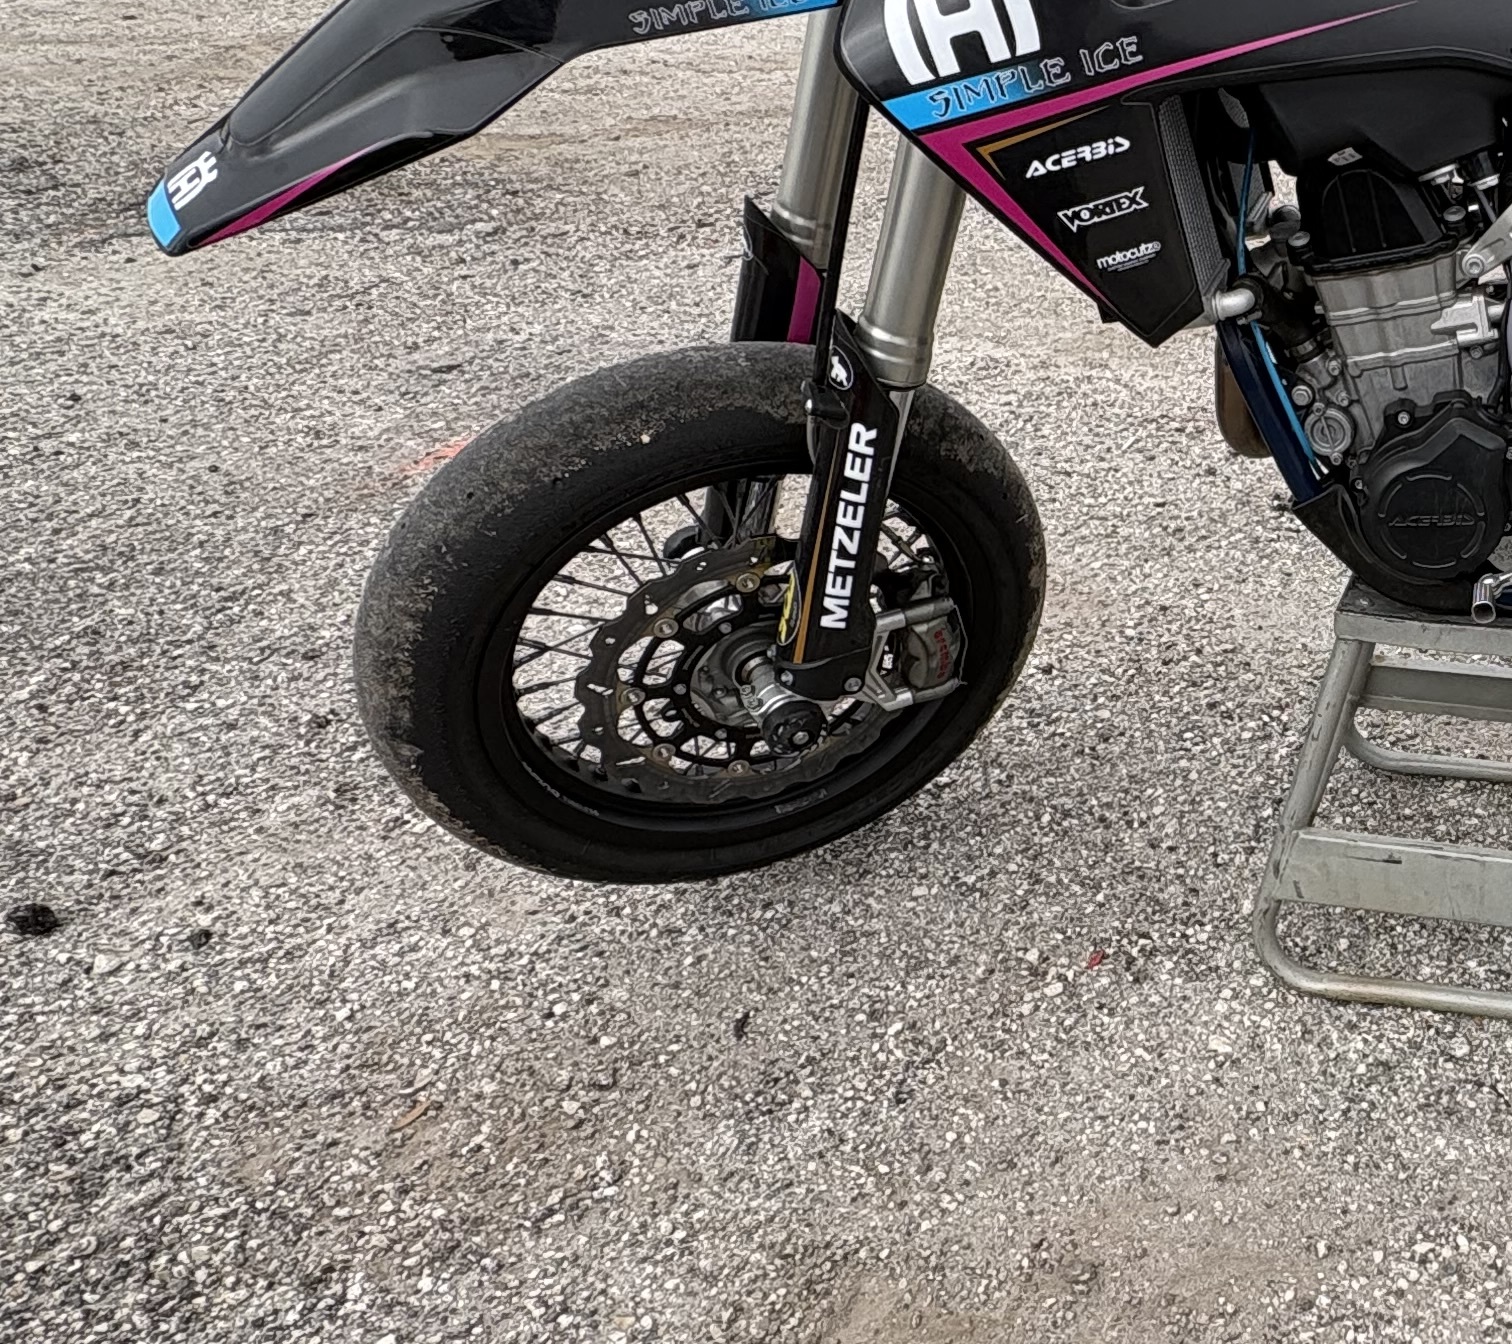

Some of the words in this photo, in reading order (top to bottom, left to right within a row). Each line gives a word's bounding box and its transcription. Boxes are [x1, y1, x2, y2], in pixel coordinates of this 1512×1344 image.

[928, 58, 1071, 119] SIMPLE
[1080, 35, 1144, 77] ICE
[1024, 135, 1131, 179] ACERBIS
[1057, 186, 1149, 233] VORTEX
[821, 421, 878, 630] METZELER
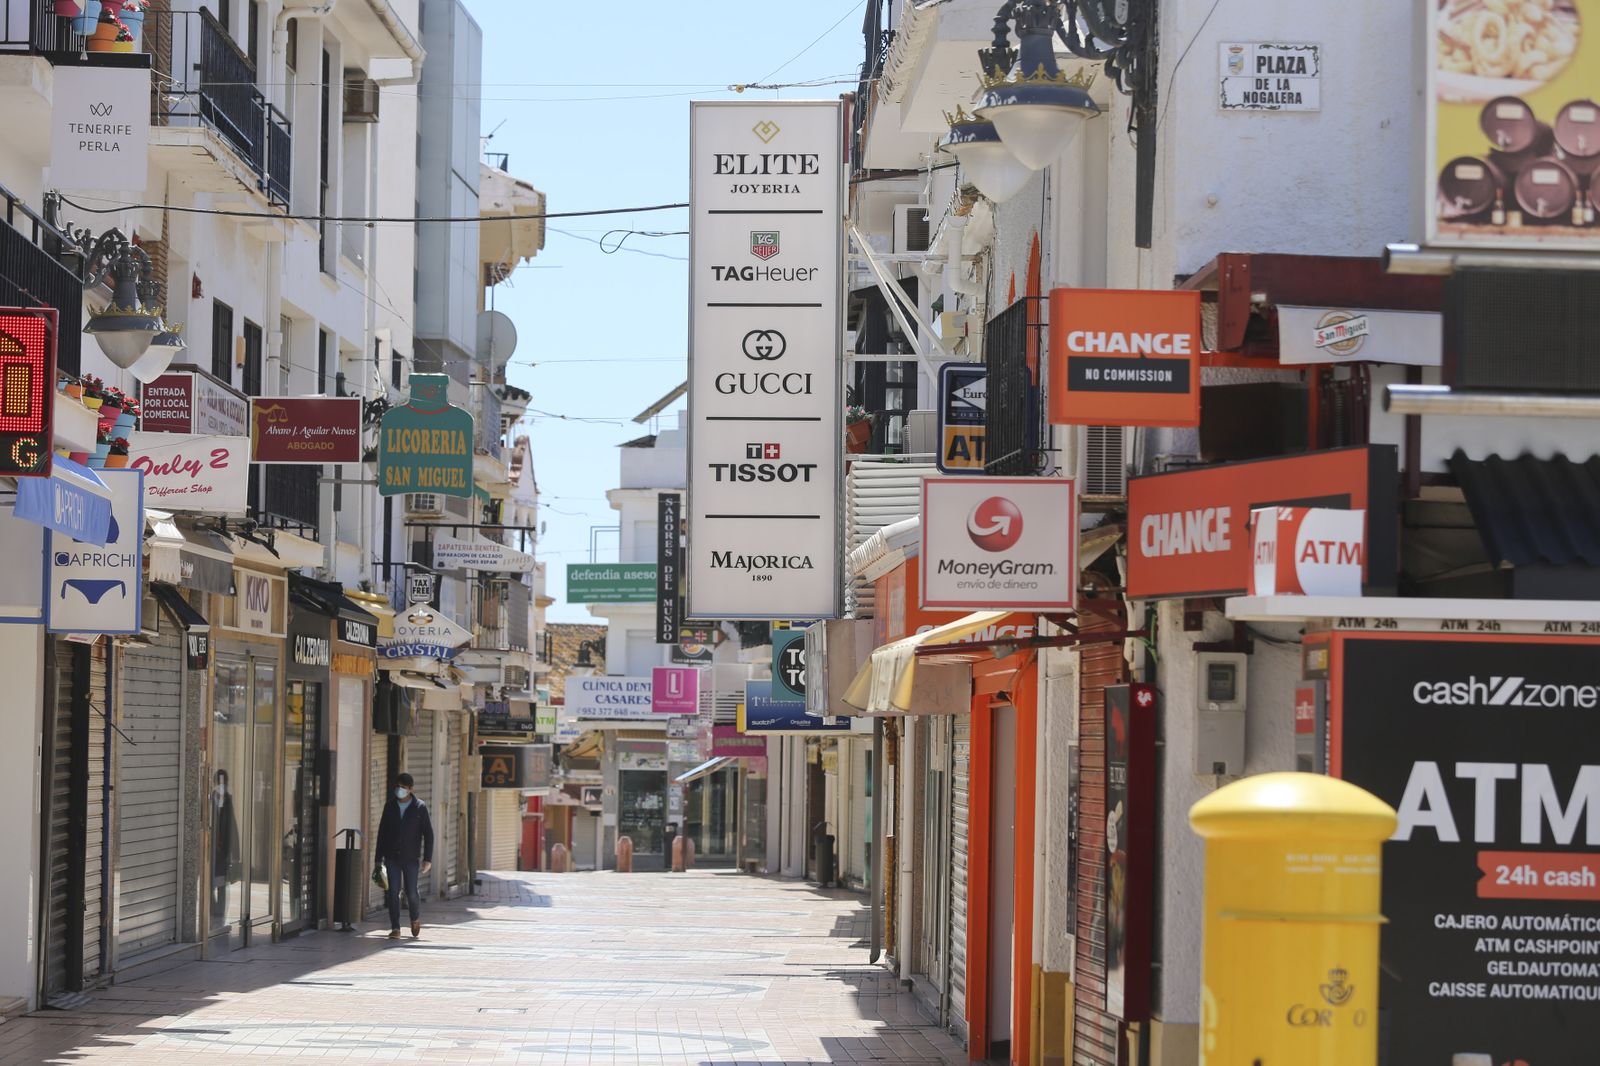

Your instructions - Your task is to retype the records above in full and exactly, omitting the pictures.

Exercise result -
Some of the words in this photo, in reading order (top to bottom, left to right within a row). Each line gives a word's bounding box and its transcription. Boxes are [x1, y1, x2, y2], in pixel coordinates of this 1512×1344 image.

[928, 58, 1071, 119] SIMPLE
[1080, 35, 1144, 77] ICE
[1024, 135, 1131, 179] ACERBIS
[1057, 186, 1149, 233] VORTEX
[821, 421, 878, 630] METZELER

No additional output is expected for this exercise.